Imagine this: You’re at home, recovering after surgery. One day you don’t feel as well and notice you’re running a slight fever. As soon as you realize this so does your healthcare team, and they are ready with the care you need to keep your recovery going smoothly.
Every surgery has its risks, and Dr. Connolly is always looking for ways to minimize those risks and help patients recover from surgery more easily.
One possible risk after neurosurgery is infection. Because of this, patients are closely monitored for fever while recovering in the hospital. Occasionally an infection doesn’t start until after a patient goes home, where there is no 24-hour nursing staff to watch for symptoms. Infections that start at home are harder to catch in the early stages, before they become severe.
This is where Dr. Connolly thinks smartphone technology may help.

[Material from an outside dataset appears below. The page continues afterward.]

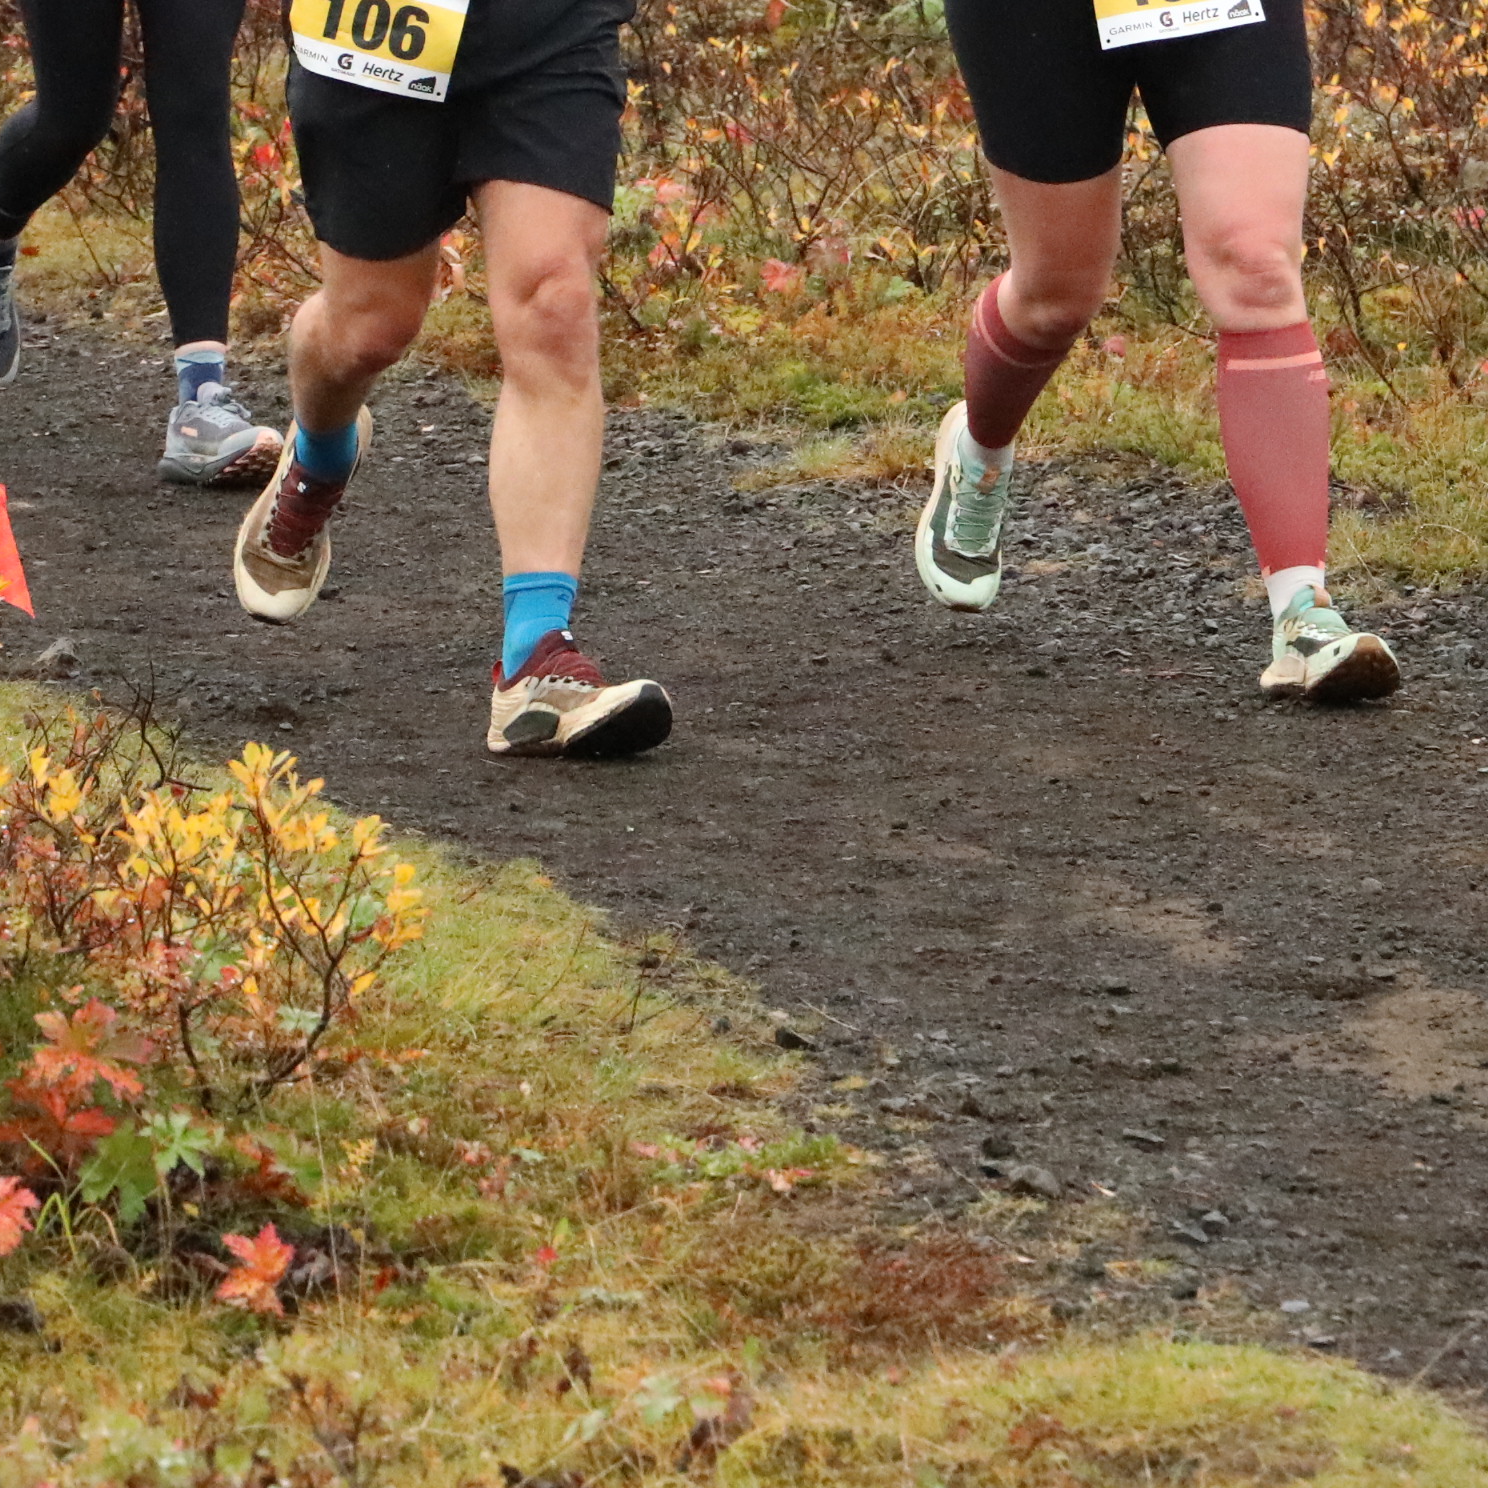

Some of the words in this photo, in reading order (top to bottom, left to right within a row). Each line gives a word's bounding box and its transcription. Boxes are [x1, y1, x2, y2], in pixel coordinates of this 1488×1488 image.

These days we use our phones for everything, from scheduling to entertainment to keeping track of how many steps we’ve taken each day. There seems to be no limit to what can be done with smartphone applications (apps).
One of the many things smartphones can do is pick up information from wireless sensors. Dr. Connolly’s team did a study in which they taped small, wireless thermometer sensors under the arms of patients. These sensors were synced to smartphones through Bluetooth technology.
The team was able to see the patients’ temperature data on an app on the smartphones, and see that the app readings matched traditional thermometer readings. Matching the app data to traditional thermometer readings is important because this proves the app temperature readings are accurate and can be trusted by doctors.
Though still in the early stages of research, this inexpensive sensor and smartphone technology could mean that one day all neurosurgery patients will be sent home with an app to measure their temperatures after surgery. Their healthcare team could monitor temperature from the hospital while they rest at home, knowing that if they develop a fever that could mean an infection is starting, it can be caught and treated quickly.